The rapid rate of change makes continuous learning essential. Data engineers have to constantly look out for emerging best practices and update their skills. Keeping up with the latest technologies is key for career growth.
Stressful on-call schedules
Data engineering teams need to ensure that data pipelines run smoothly at all times. This results in on-call rotations where engineers get paged if production issues emerge. Some common examples include:
- ETL pipelines failing due to data quality issues.
- Data warehouse failures due to capacity limits.
- Peak data flows overwhelming Kafka queues.
- Database deadlocks affecting transaction integrity.
Handling such incidents at odd hours can disrupt work-life balance. While on-call schedules are improving, the mission-critical nature of data infrastructure makes complete avoidance difficult.
Should you become a data engineer?
Based on the pros and cons, should you consider becoming a data engineer? Here are some key factors to weigh:
- If you enjoy complex technical problem solving, data engineering provides engaging work.

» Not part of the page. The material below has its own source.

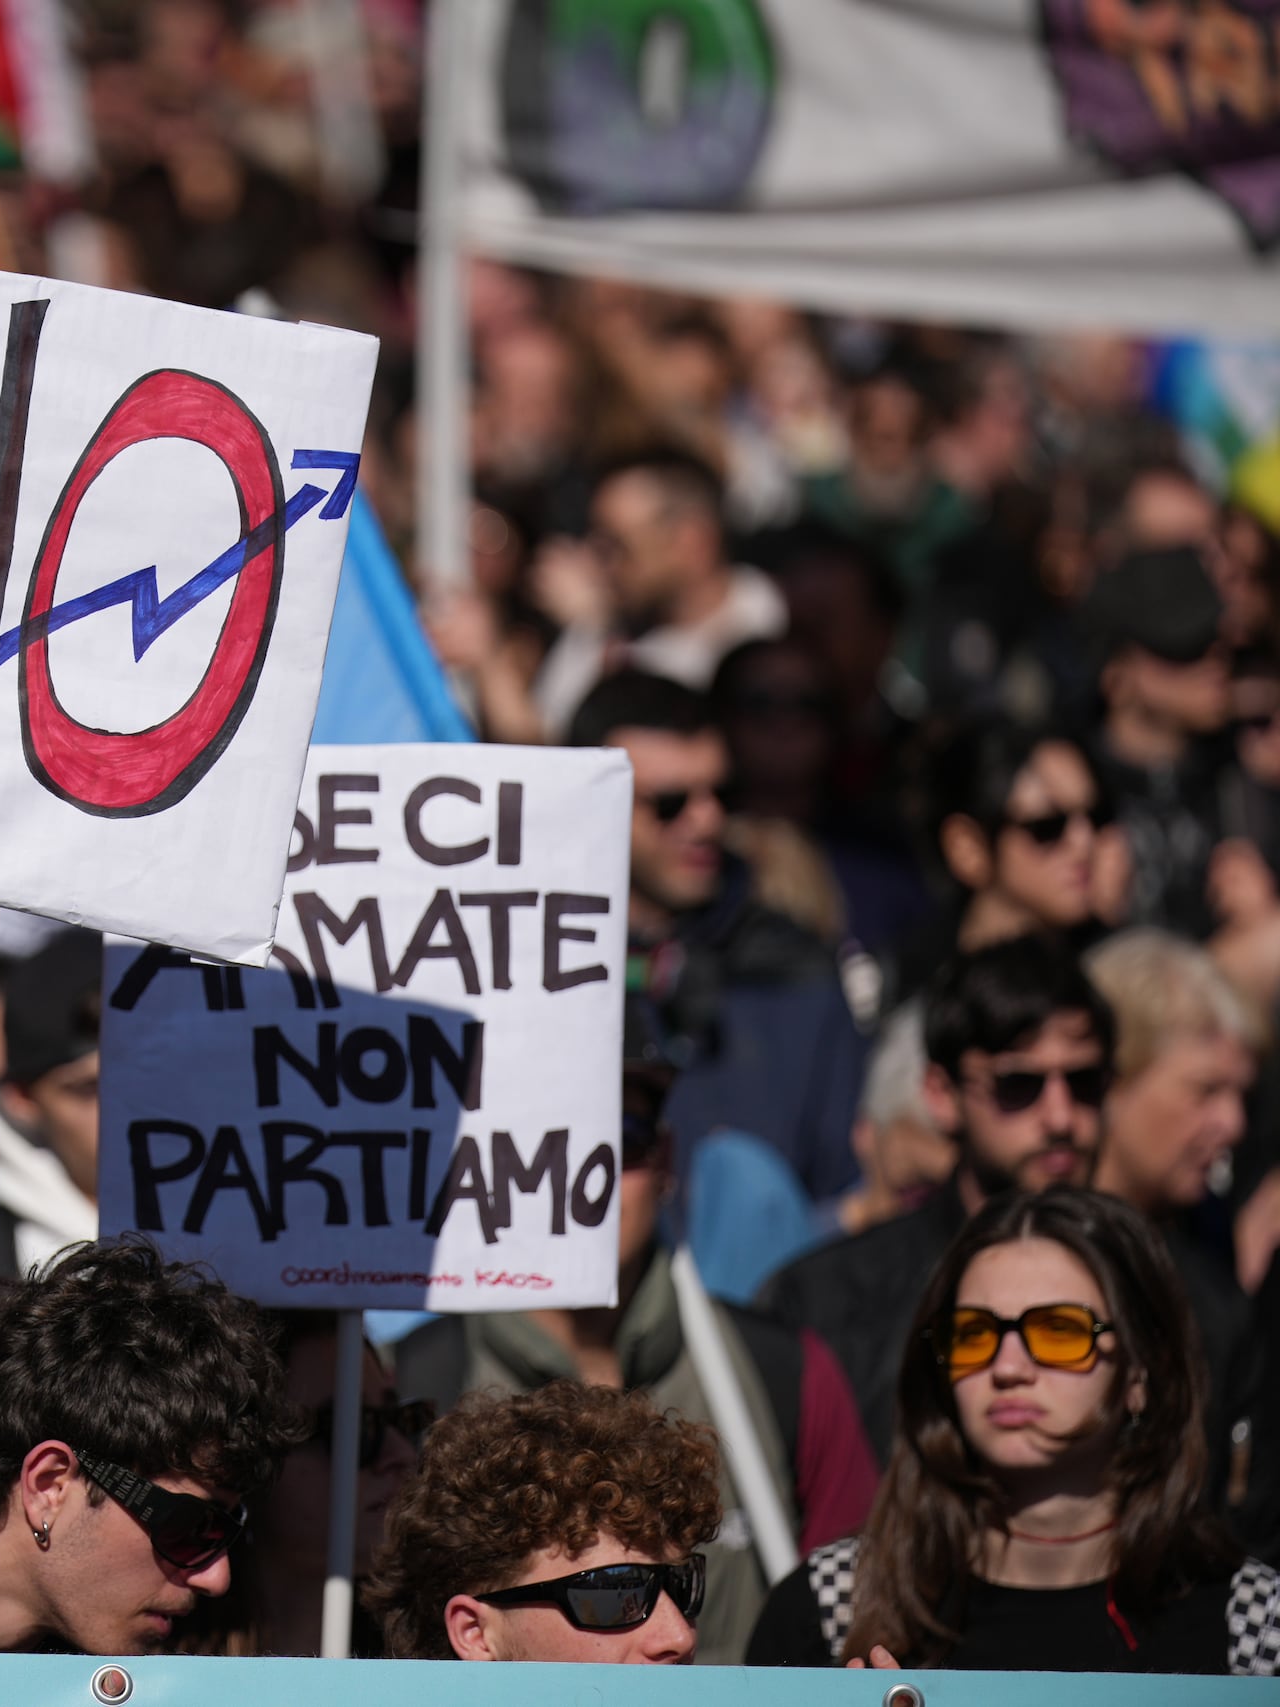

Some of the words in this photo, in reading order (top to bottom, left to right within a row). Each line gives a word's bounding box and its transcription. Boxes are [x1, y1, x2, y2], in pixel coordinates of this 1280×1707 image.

- The high pay, demand and job satisfaction make it rewarding for the right individuals.
- It’s a solid option if you prefer depth of expertise over breadth.
- But you need patience and strong foundations in computer science, coding and math.
- Expect a steep initial learning curve and the need for continual education.
- The work can be stressful due to critical data pipelines and on-call schedules.
Overall, data engineering is an appealing career with good rewards. But the barriers to entry are high. It requires diligent effort to gain proficiency and keep skills current. If you enjoy coding and data infrastructure, the investments needed to become a data engineer will pay rich dividends.
Conclusion
Data engineering offers attractive benefits like high pay, strong demand and engaging work. But it requires patience to amass the diverse skills needed. Continuous learning is also a must given the speed of change. For individuals with solid software and data foundations, as well as an interest in infrastructure, data engineering can be a fulfilling career choice. Weigh the pros and cons outlined here to decide if becoming a data engineer is worth the investments required.